String theory replaces point-like particles of particle physics by one-dimensional strings, and different types of observed elementary particles arise from the different quantum states of these strings. In addition, string theory naturally incorporates gravity, and is therefore a candidate for a ‘theory of everything’ or at least of quantum gravity. String theory requires extra spatial dimensions for mathematical consistency. In realistic physical models constructed from string theory, these extra dimensions are typically compactified to extremely small scales. This is a generalization of the Kaluza-Klein theory (see main text), which tries to reconcile the gap between the conception of our universe based on its four observable dimensions with the ten, eleven, or 26 dimensions that theoretical equations of string theories entail. Essentially, it is assumed that the extra dimensions are wrapped up on themselves into extremely small scales.

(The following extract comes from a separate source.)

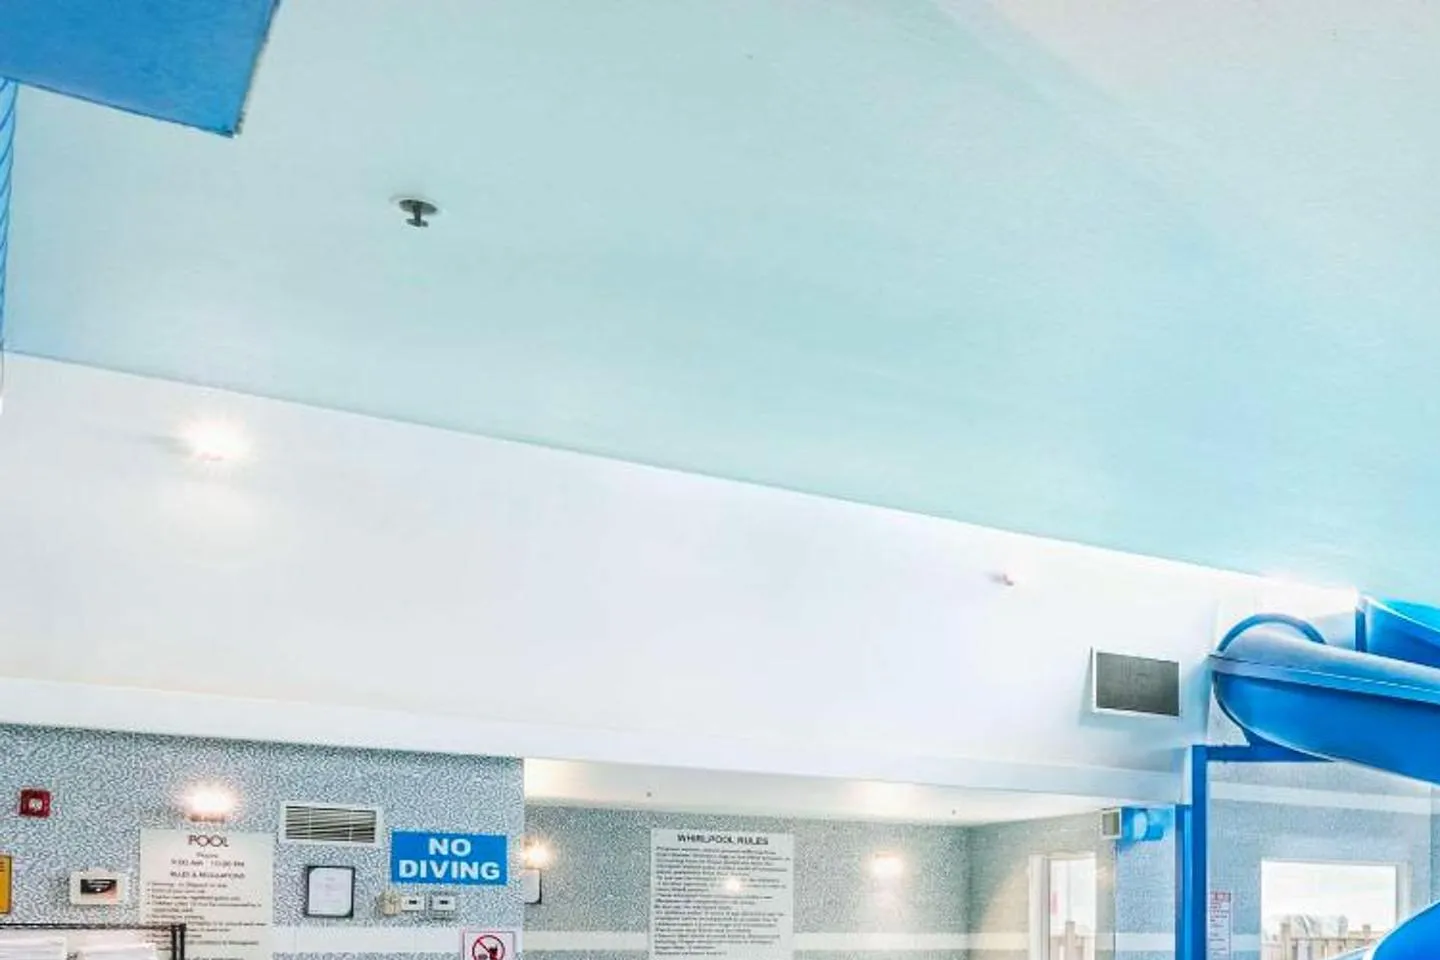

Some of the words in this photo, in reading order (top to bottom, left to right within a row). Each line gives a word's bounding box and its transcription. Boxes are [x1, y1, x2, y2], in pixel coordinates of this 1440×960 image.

The earliest string model, the bosonic string, incorporated only the class of particles known as bosons (any number of which can occupy the same quantum state, unlike the other class of particle fermions, which cannot). Roughly speaking, bosons are the constituents of radiation, but not of matter, which is made of fermions. Investigating how a string theory could include fermions led to the invention of supersymmetry, a mathematical relationship between bosons and fermions. String theories that include fermionic vibrations are known as superstring theories, all are now thought to be different limits of a theory called M-theory. According to British theoretical physicist Stephen Hawking in particular, M-theory is the only candidate for a complete theory of the universe. Other physicists including Richard Feynman and Roger Penrose have criticized string theory for not providing novel experimental predictions at accessible energy scales and say it is a failure as a theory of everything.

Supersymmetry is a proposed extension of spacetime symmetry that relates two basic classes of elementary particles: bosons that have integer-value spin, and fermions with a half-integer spin. Each particle from one group is associated with a particle from the other group, called its superpartner, whose spin differs by a half-integer. No super-partners have yet been observed. The failure of the Large Hadron Collider to find evidence for supersymmetry has led some physicists to suggest that the theory should be abandoned.